#### [Records provided]
+-------+

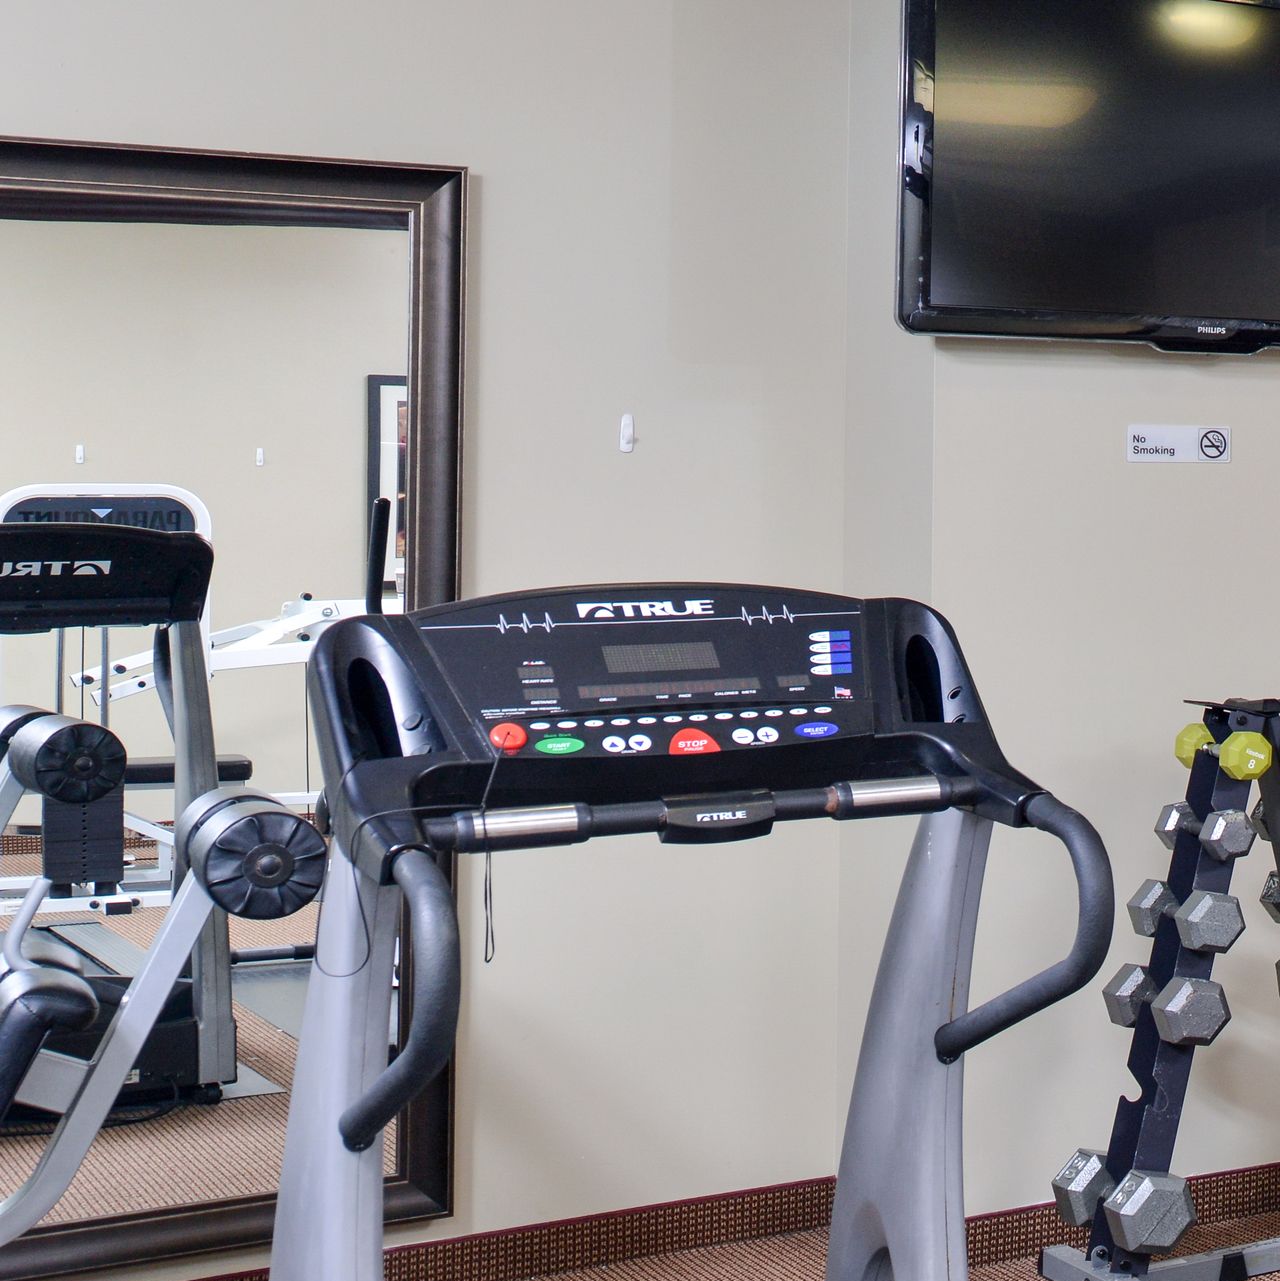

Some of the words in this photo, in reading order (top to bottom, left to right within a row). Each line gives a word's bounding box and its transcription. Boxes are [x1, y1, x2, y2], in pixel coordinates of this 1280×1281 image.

[1197, 326, 1226, 334] PHILIPS
[1132, 434, 1146, 443] No
[1132, 445, 1175, 457] Smoking
[612, 600, 714, 617] TRUE
[678, 739, 708, 748] STOP
[1247, 759, 1256, 769] 8
[711, 810, 747, 821] TRUE

+-------+

#### [Exercise instructions]
Pictures stay out; everything else in the listing above gets restated word for word.

#### [Response box]
Some of the words in this photo, in reading order (top to bottom, left to right within a row). Each line gives a word's bounding box and its transcription. Boxes are [x1, y1, x2, y2], in pixel coordinates of this 1280×1281 image.

[1197, 326, 1226, 334] PHILIPS
[1132, 434, 1146, 443] No
[1132, 445, 1175, 457] Smoking
[612, 600, 714, 617] TRUE
[678, 739, 708, 748] STOP
[1247, 759, 1256, 769] 8
[711, 810, 747, 821] TRUE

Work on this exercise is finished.